4. DIRETRIZES MUNDIAIS EM MATERIAIS CONTENDO TENORM

Atualmente, o conceito de “prática” é utilizado, na maior parte dos documentos


internacionais que abordam o trabalho em indústrias que apresentam materiais contendo
TENORM, entretanto, a Comissão Européia, que elaborou seu próprio Basic Safety Standards
(EC-BSS) [8], criou uma nova categoria de trabalho chamada “work activities”. Nesta
categoria são incluídas as indústrias que geram TENORM durante o seu processo, mas a
atividade afim não utiliza as propriedades radioativas deste material. A Comunidade Européia
não estipula valores de isenção.

A Agência Internacional de Energia atômica (AIEA) estabelece na BSS-115 o critério


individual de isenção como sendo a dose individual no membro do público de 10 µSv/ano por
prática. Segundo Menon [9] a AIEA propõe no Safety Series 89 o critério de dose individual
de 10 µSv/ano para industrias nucleares e uma otimização no caso de industrias geradoras de
TENORM. No TEC DOC 855 [2] o valor de 10 µSv/ano é usado como base para avaliar
níveis de dispensa incondicional, isto é, o critério de dose não será excedido,
independentemente do uso ou aplicação deste material após sua liberação. Neste sentido,
apresentamos na tabela 1 os Níveis Incondicionais de Dispensa (NID) para o Ra-226 e o Ra-
228 e podemos perceber larga faixa destes valores, isto ocorre devido aos diferentes cenários
estudados.

Tabela 1. Níveis Incondicionais de Dispensa (NID) [2].

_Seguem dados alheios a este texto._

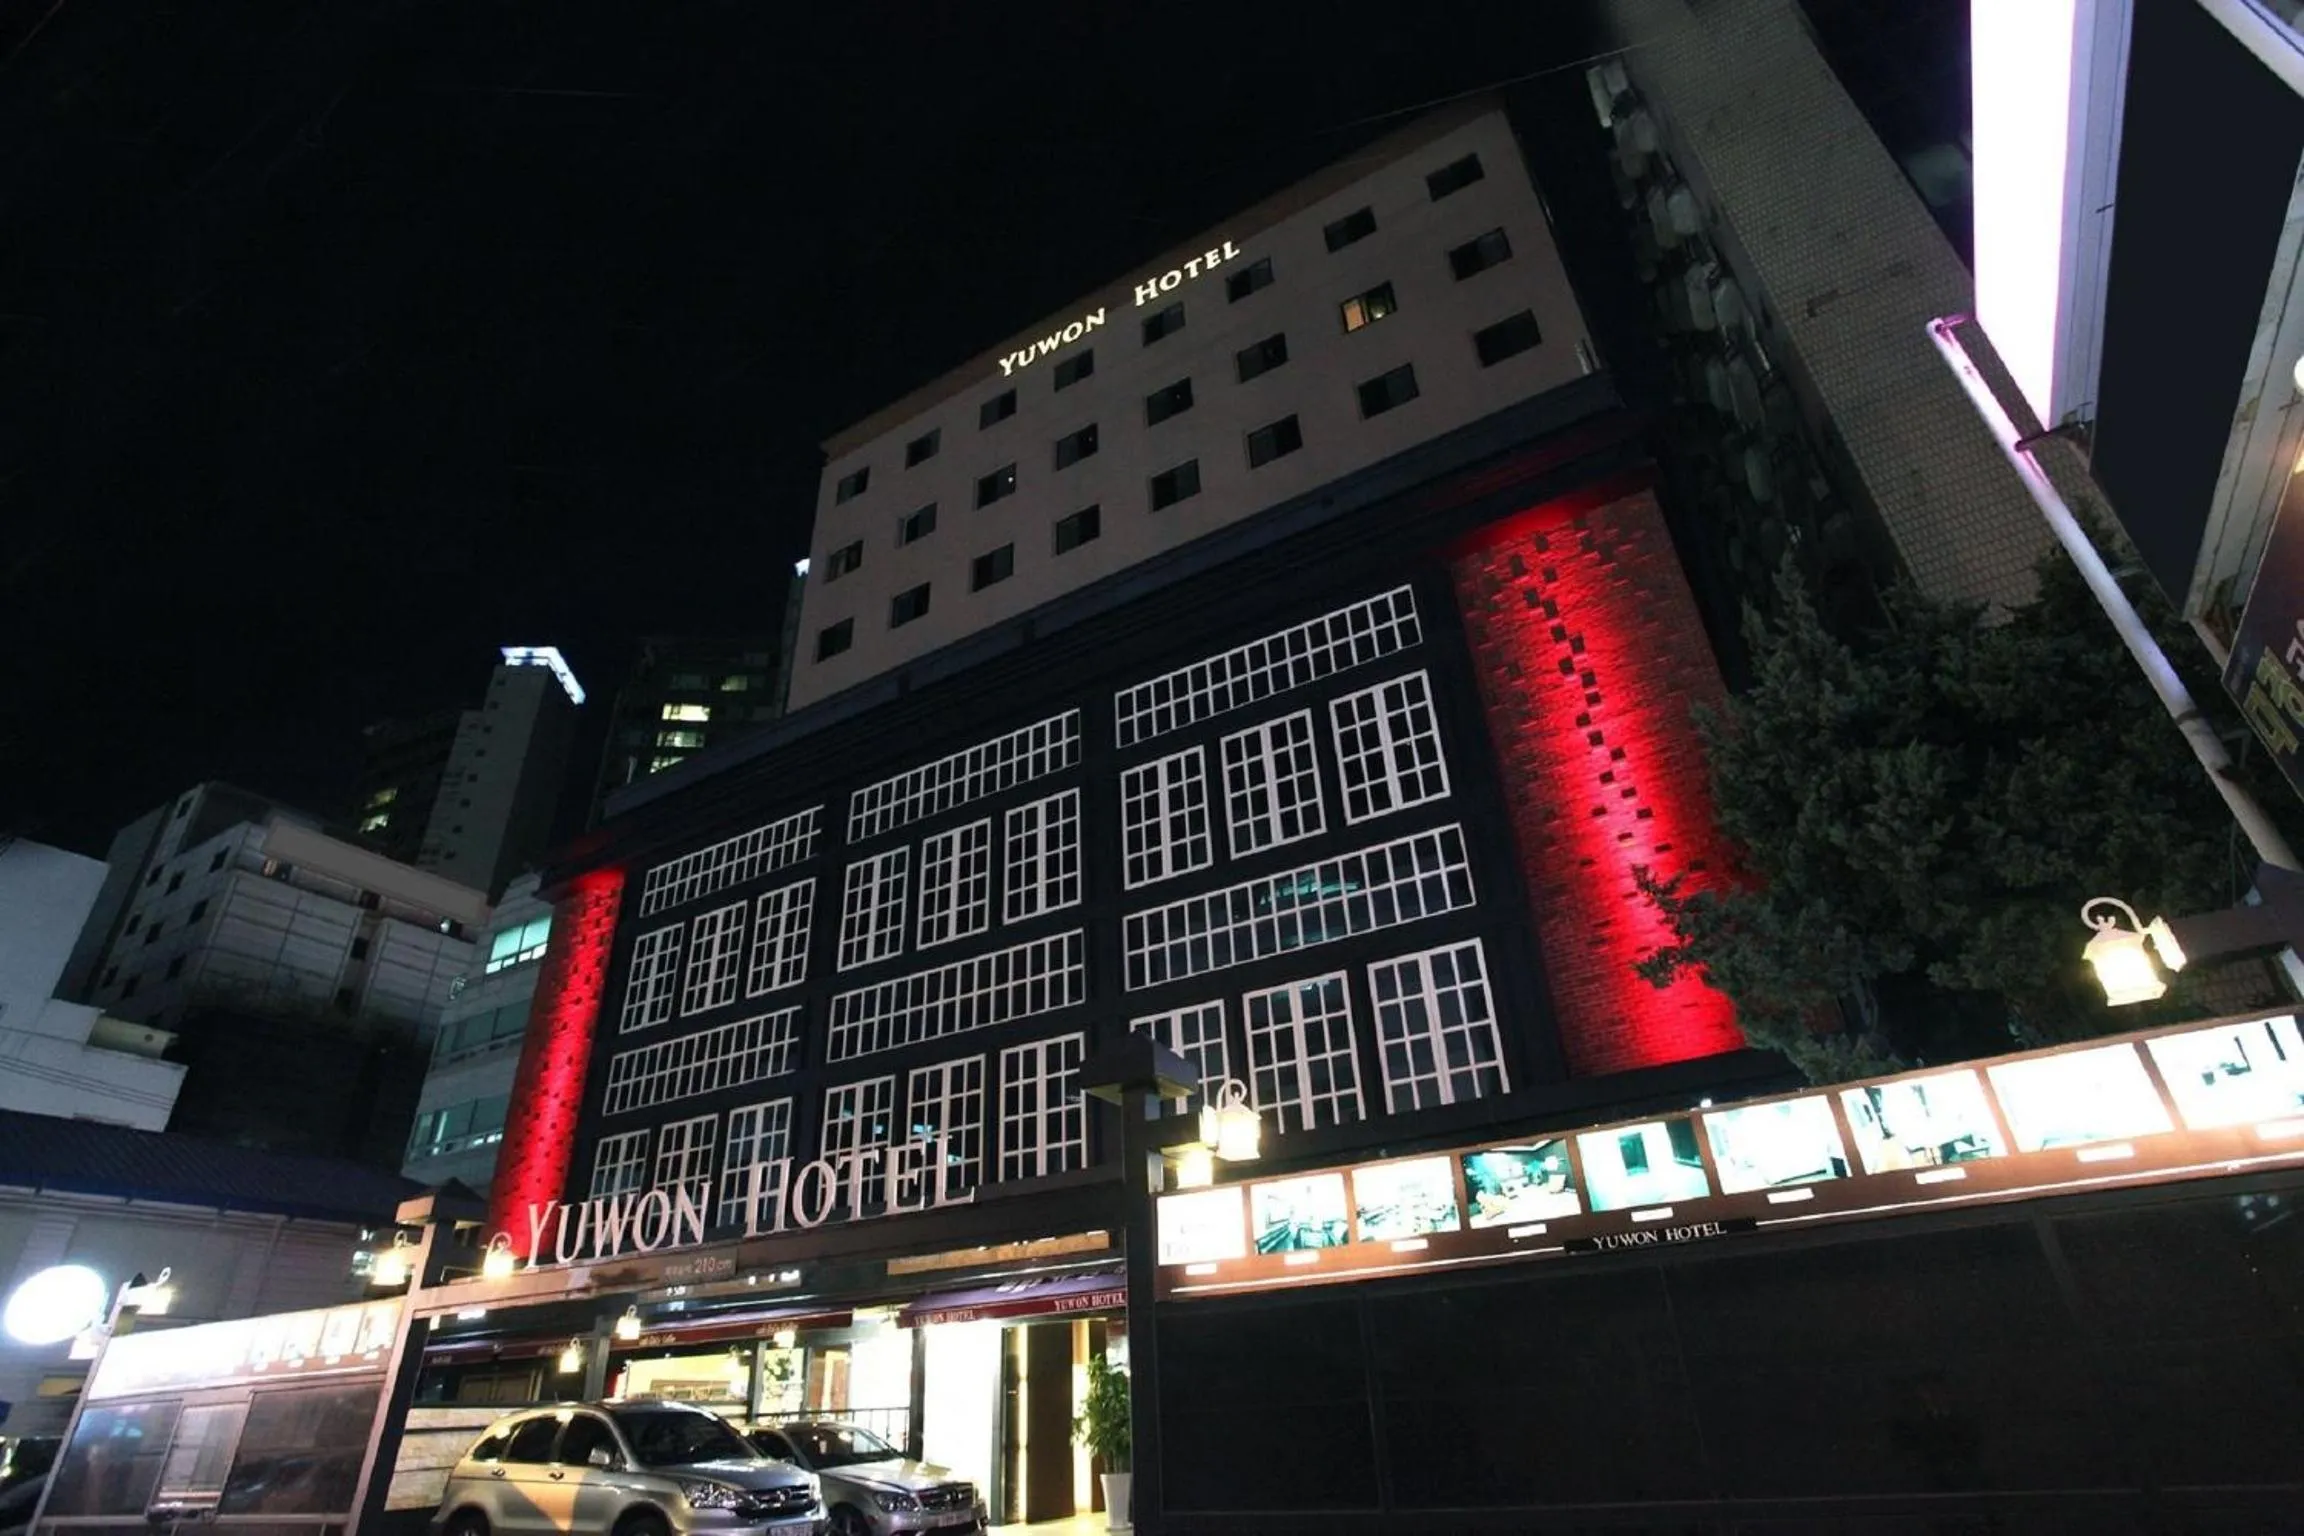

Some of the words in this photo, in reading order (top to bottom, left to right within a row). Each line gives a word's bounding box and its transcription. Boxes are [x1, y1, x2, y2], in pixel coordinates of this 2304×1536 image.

[998, 307, 1106, 378] YUWON
[1134, 241, 1240, 306] HOTEL
[524, 1182, 712, 1273] YUWON
[743, 1135, 976, 1238] HOTEL
[1593, 1230, 1659, 1250] YUWON
[1665, 1221, 1728, 1242] HOTEL
[1091, 1292, 1125, 1306] HOTEL

Utilização Ra- 226 (Bq/g) Ra-228 (Bq/g)


Aterro 0,3 ≤ NID ≤ 70 0,3 ≤ NID ≤ 1
Incineração 2 ≤ NID ≤ 200 3 ≤ NID ≤ 300
Reciclagem 0,07 0,1

Na EC-BSS o critério adotado para industrias geradoras de TENORM é de que se a dose


anual nos trabalhadores for menor que 1mSv/ano, nenhuma precaução especial precisa ser
tomada. Ao contrário da BSS-115 a EC-BSS não estipula nenhum valor de isenção em termos
da concentração de atividade, embora a BSS-115 não diga com clareza que os limites de
isenção ali encontrados sejam aplicados neste caso.

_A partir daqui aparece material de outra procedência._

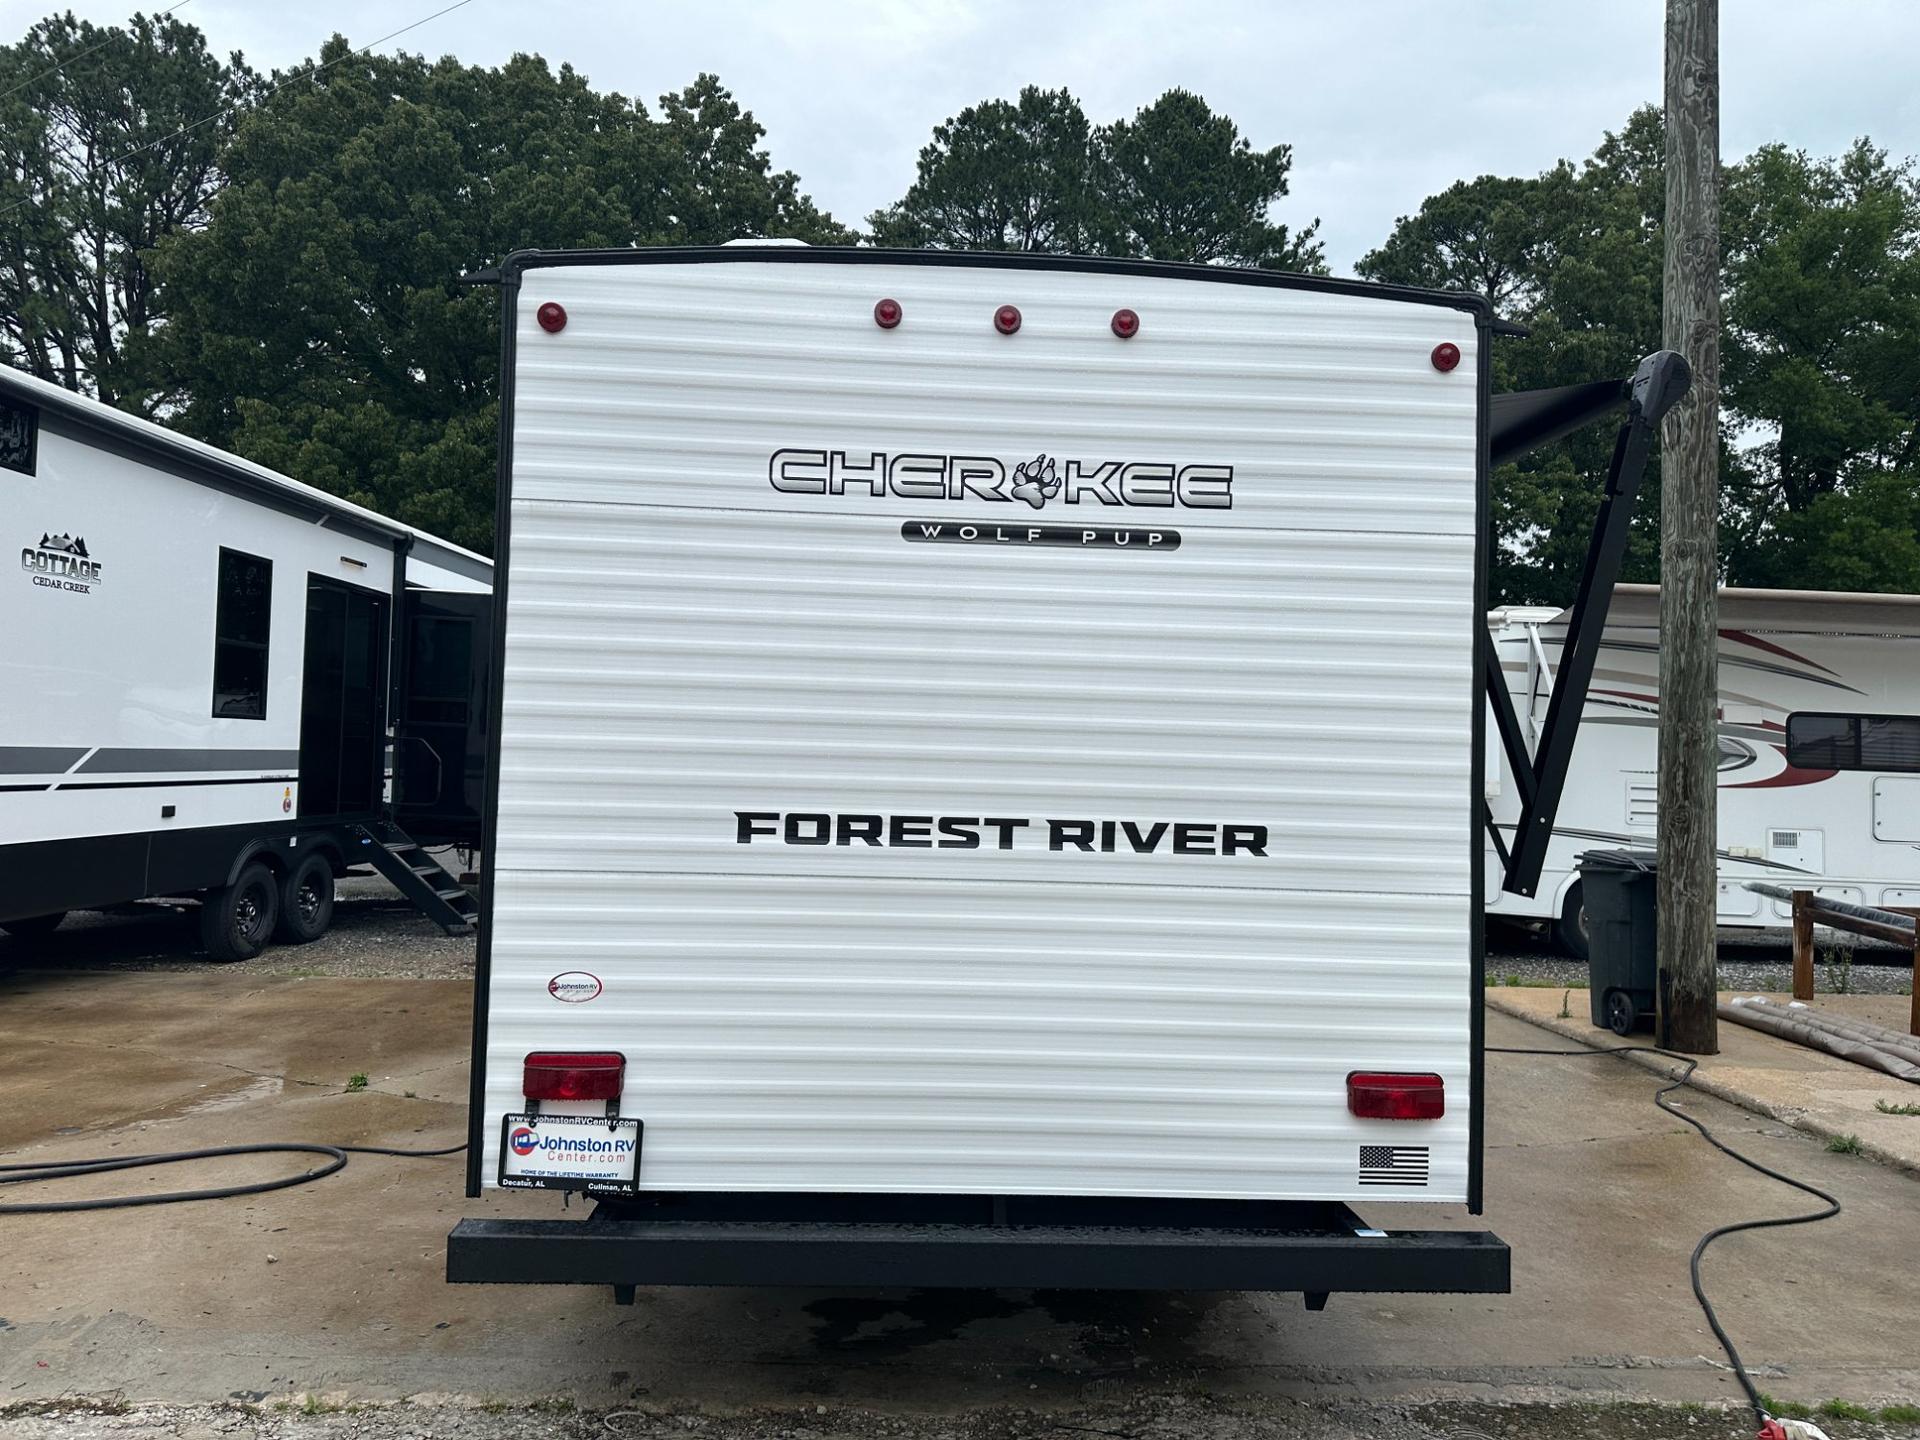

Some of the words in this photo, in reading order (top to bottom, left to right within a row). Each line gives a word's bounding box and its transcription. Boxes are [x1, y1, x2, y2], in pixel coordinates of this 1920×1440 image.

[920, 524, 1042, 542] WOLF
[1081, 530, 1164, 546] PUP
[22, 548, 101, 585] COTTAGE
[33, 576, 62, 589] CEDAR
[63, 582, 90, 594] CREEK
[733, 811, 1029, 849] FOREST
[1045, 819, 1269, 857] RIVER
[508, 1115, 638, 1127] wwwJohnstonRVCenter.com
[539, 1136, 612, 1152] Johnston
[615, 1139, 635, 1152] RV
[548, 1151, 626, 1163] Center.com
[502, 1178, 533, 1187] Decatur,
[535, 1180, 546, 1188] AL
[588, 1182, 620, 1191] Cullman,

O critério para estabelecer os níveis de isenção e dispensa em termos de dose não pode ser
diretamente aplicado por isso, é necessário convertê-los em quantidades práticas, tais como,
concentração de atividade, concentração, etc. Segundo Páscoa [10], o Instituto Americano de
Petróleo estabeleceu algumas opções de descarte de rejeitos contendo TENORM nas
indústrias de petróleo, conforme é informado na Tabela 2. Ainda no Trabalho de Páscoa é
citado que o nível de isenção para descarte em aterro sanitário, segundo a Commissariat a
l’Energie Atomique (CEA) é de 1 Bq/g para o Ra-226 e 2 Bq/g para o Ra-228.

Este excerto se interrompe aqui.